▶ ASSIGNMENT
Return every entry exactly as written, with the pictures removed.

▶ MATERIAL PROVIDED
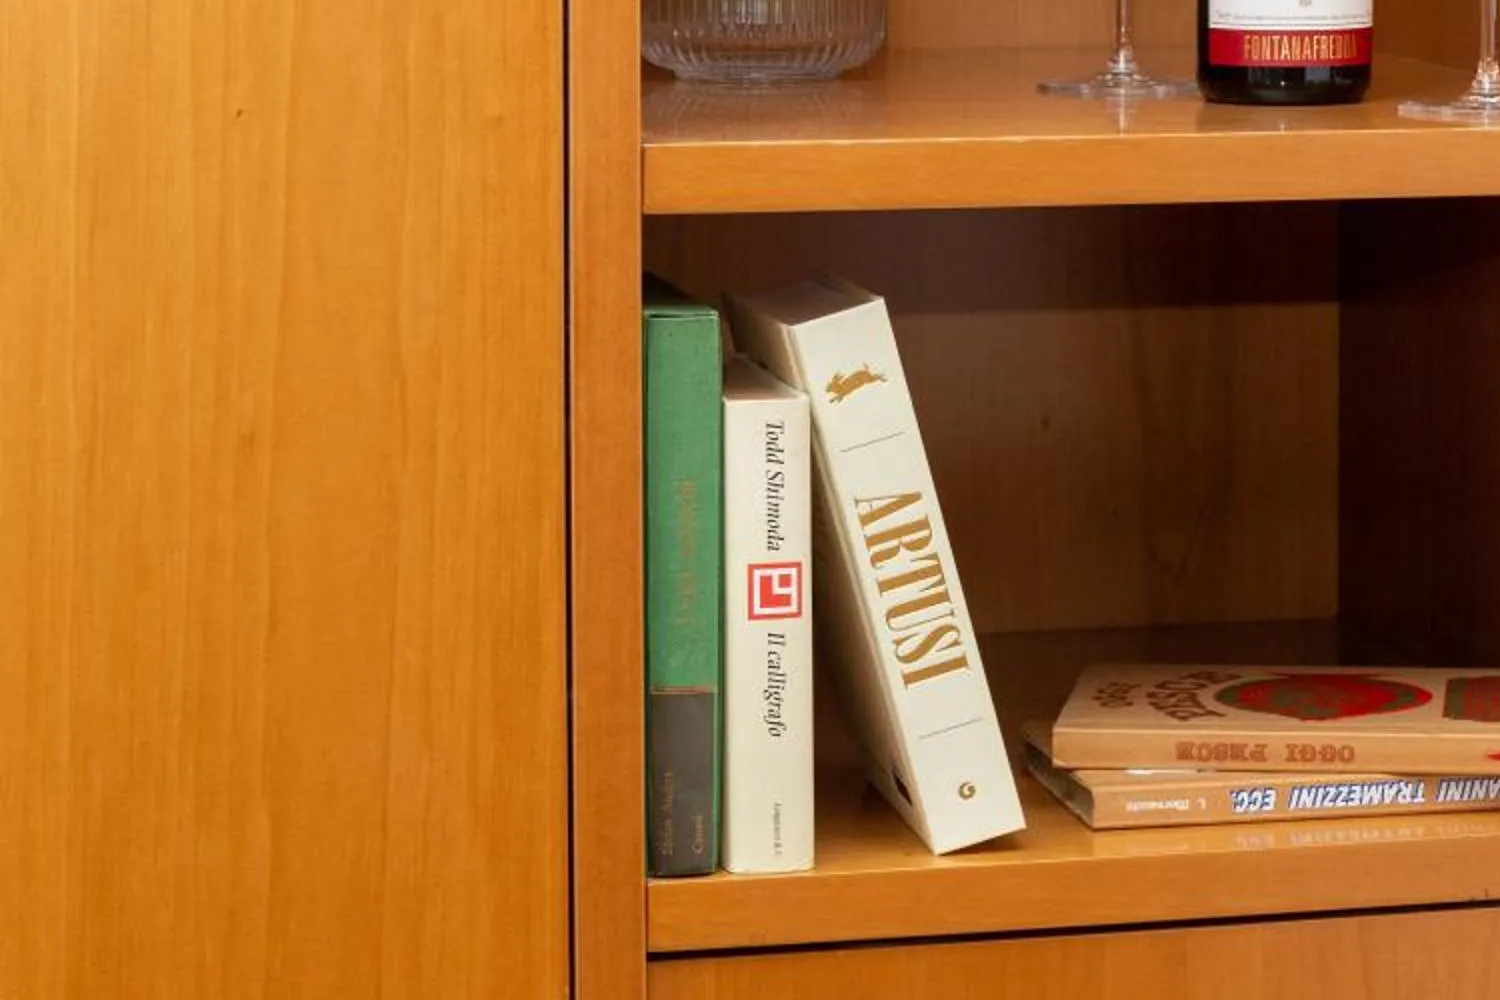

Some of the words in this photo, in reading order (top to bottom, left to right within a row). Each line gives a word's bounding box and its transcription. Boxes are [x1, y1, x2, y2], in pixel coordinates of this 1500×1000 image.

[765, 421, 785, 465] Todd
[766, 469, 785, 551] Shimoda
[854, 491, 971, 690] ARTUSI
[767, 632, 786, 646] Il
[763, 650, 787, 737] calligrafo
[1176, 741, 1268, 762] PESCE
[1284, 743, 1355, 763] OGGI
[1288, 780, 1425, 811] TRAMEZZINI
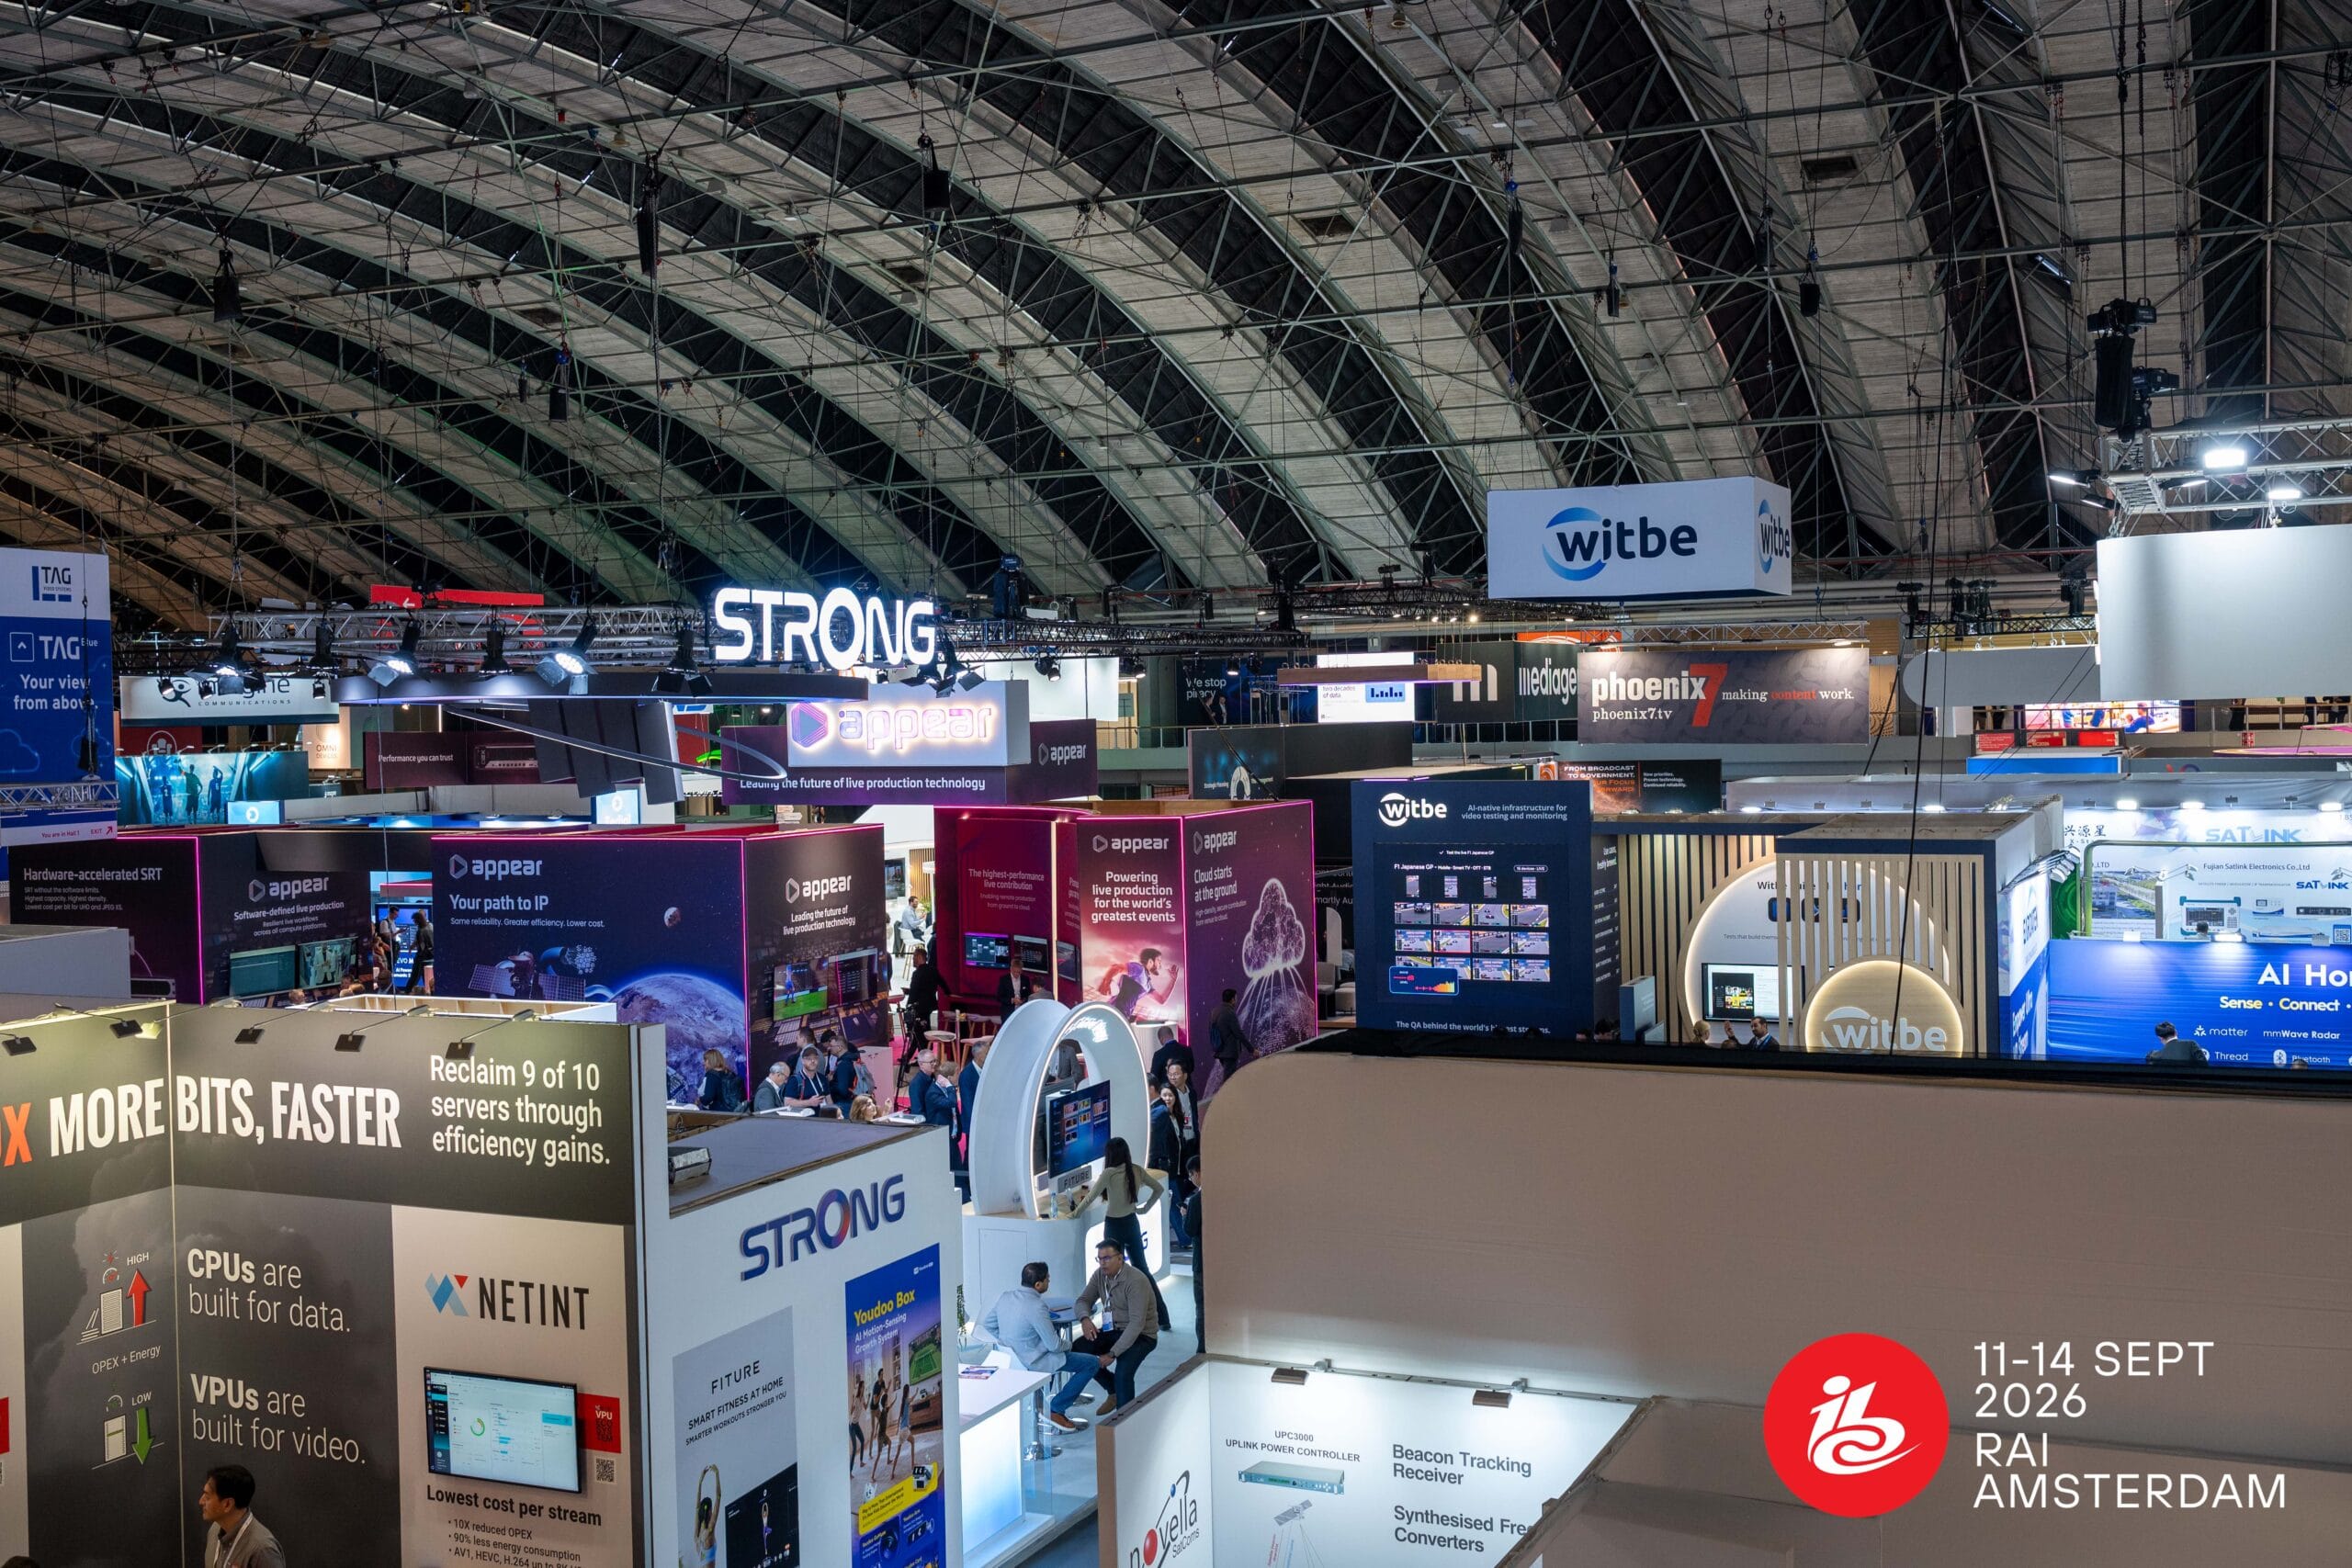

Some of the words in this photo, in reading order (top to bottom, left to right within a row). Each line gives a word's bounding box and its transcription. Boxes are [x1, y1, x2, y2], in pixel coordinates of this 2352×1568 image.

▶ FINAL ANSWER
Some of the words in this photo, in reading order (top to bottom, left to right within a row). Each line gives a word's bounding box and its transcription. Boxes are [x1, y1, x2, y2], in pixel coordinates of this 1500×1000 image.

[765, 421, 785, 465] Todd
[766, 469, 785, 551] Shimoda
[854, 491, 971, 690] ARTUSI
[767, 632, 786, 646] Il
[763, 650, 787, 737] calligrafo
[1176, 741, 1268, 762] PESCE
[1284, 743, 1355, 763] OGGI
[1288, 780, 1425, 811] TRAMEZZINI

Some of the words in this photo, in reading order (top to bottom, left to right within a row). Each line gives a word's bounding box and its transcription. Boxes are [x1, y1, x2, y2], in pixel coordinates of this 2352×1568 image.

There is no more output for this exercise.